Although personal computers quickly replaced the humble typewriter, the art of typesetting and laying out high-quality printed documents took a little longer to go digital. True desktop publishing software is usually known by its acronym, DTP. This kind of program differs from word processors and home or small-office publishing packages in the precise level of control over the document that it enables. Designed for high-speed use by an experienced operator, a true DTP program doesn't try to suggest where a picture should be located on the page or correct your grammar. Its output format is designed for extremely accurate results when the document is transferred to the print shop.

Some proprietary DTP software was available in the 1980s, including Aldus PageMaker, but most printers were a technically conservative bunch of people. After all, the principles of moveable type printing had hardly changed in 500 years, since Gutenberg introduced this technology to Europe (see Figure 7-1). Moveable type means that each letter in a word or a line of text is an individual element, with a particular font style; letters can be rearranged quickly in any order for printing. Contrast the flexibility of this method to carved woodblock printing and the hand-inked parchments, produced slowly and carefully by monks and scholars, which the early printers were trying to emulate.

Figure 7-1. A German printing press from 1811, in the Deutsches Museum, Munich. Photo by Matthias Kabel, GNU FDL.

Right into the 1970s and 80s, some printers were still using typefaces cast from red-hot, liquid metal, just like Gutenberg (a goldsmith) had pioneered in Germany during the mid-fifteenth century. About 30 years ago, many printers switched to using electro-mechanical phototypesetting machines, but desktop computers were about to revolutionize the industry. Beginning in 1986, 5,000 print workers in London fought a bitter, year-long street battle with News International, publisher of The Times and other English newspapers, over its relocation to a brand new DTP-based printing plant at Wapping, east of the city center. The printers had been fired after refusing to move to the new facility, which was so controversial among members of their profession that it had been built in secret.

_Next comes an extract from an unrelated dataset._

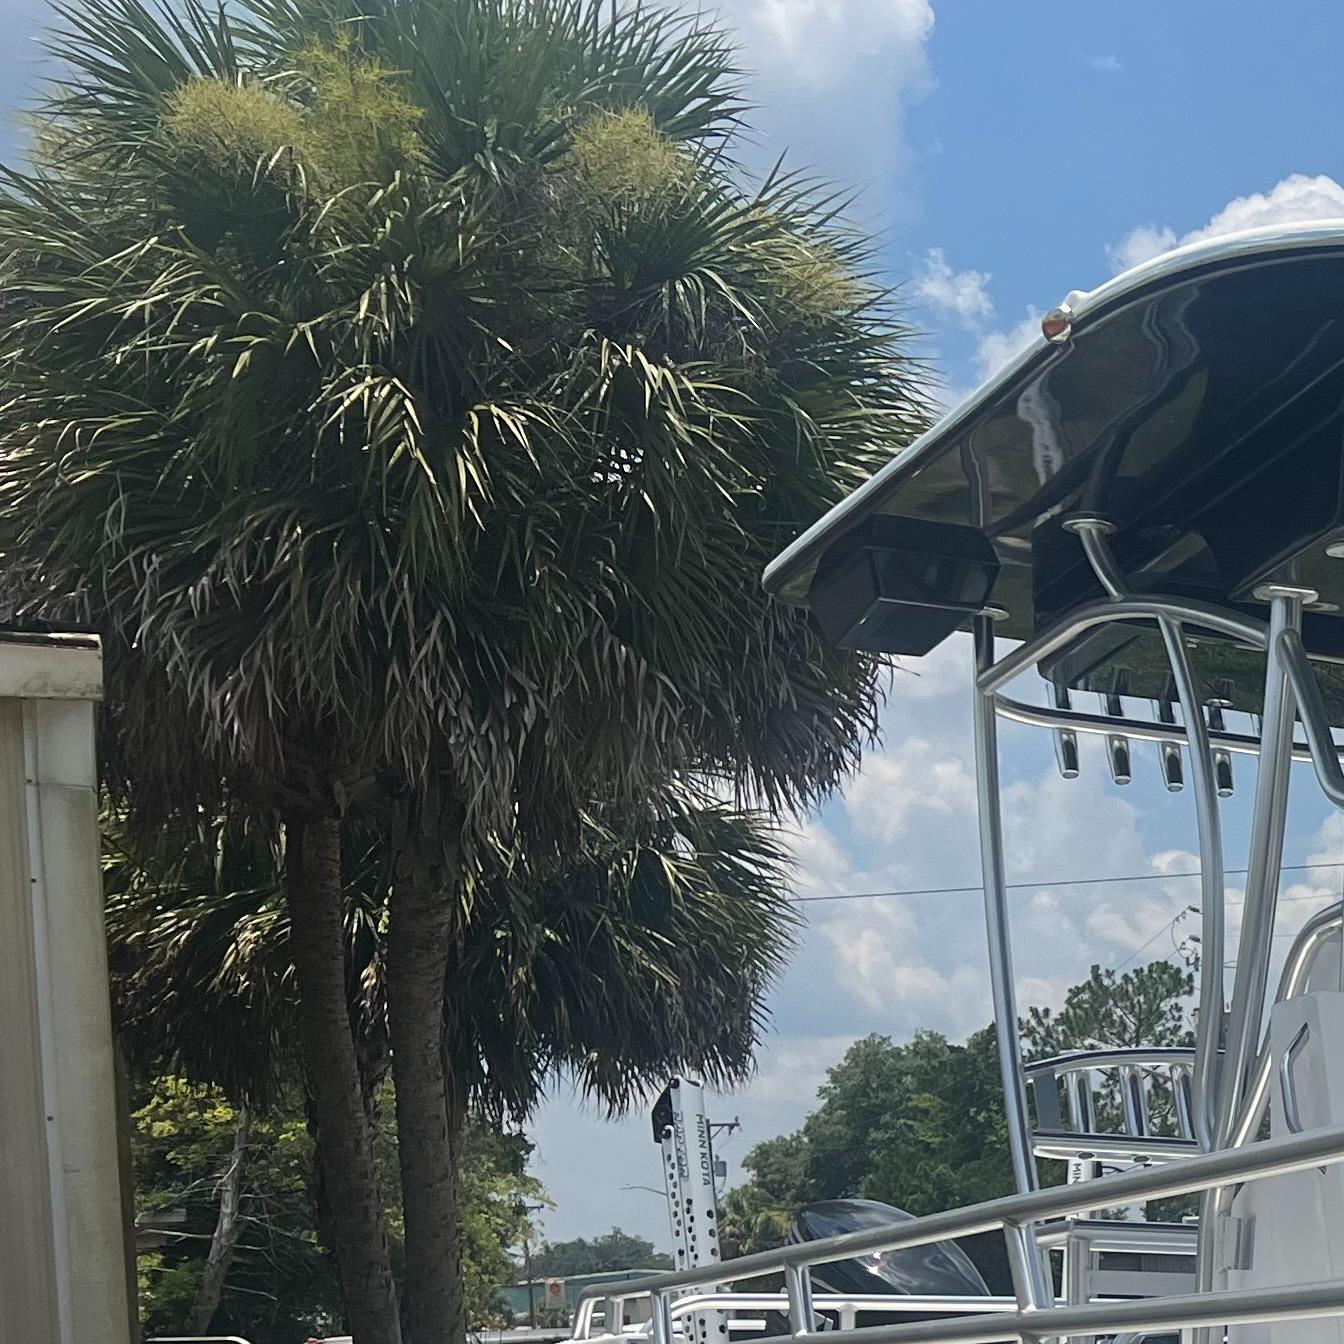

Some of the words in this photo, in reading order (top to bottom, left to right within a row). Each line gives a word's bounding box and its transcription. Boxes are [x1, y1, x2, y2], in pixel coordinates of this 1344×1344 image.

[696, 1113, 707, 1149] MINN
[700, 1151, 711, 1186] KOTA
[1072, 1163, 1082, 1184] MIN

Control was being taken away from the factory floor and put onto the computer user's desktop.

It wasn't until QuarkXpress 3 took hold in print shops during the early 1990s that the remaining traditional typesetters and layout artists were forced to retrain or lose their job to some teenager who knew how to work a Mac. QuarkXPress and PageMaker were also available for Windows, there was DTP software for home computers like the Amiga and Atari, and IBM had its own system based on the OS/2 platform; but Apple's integrated hardware and operating system became the de facto standard in professional publishing. The availability of Apple desktop laser printers played a part in that process, because they allowed sharp, accurate text proofs and final copy to be produced quickly and cheaply.

Digital preparation for mass-produced documents, sometimes called prepress, not only was much faster than the old typesetting and paste-up methods, but also enabled new designs and layouts that had been difficult to achieve before. However, much of the terminology and many concepts behind hot-metal printing were carried over into DTP software, which can make this kind of program hard to understand if you don't have a background in the industry.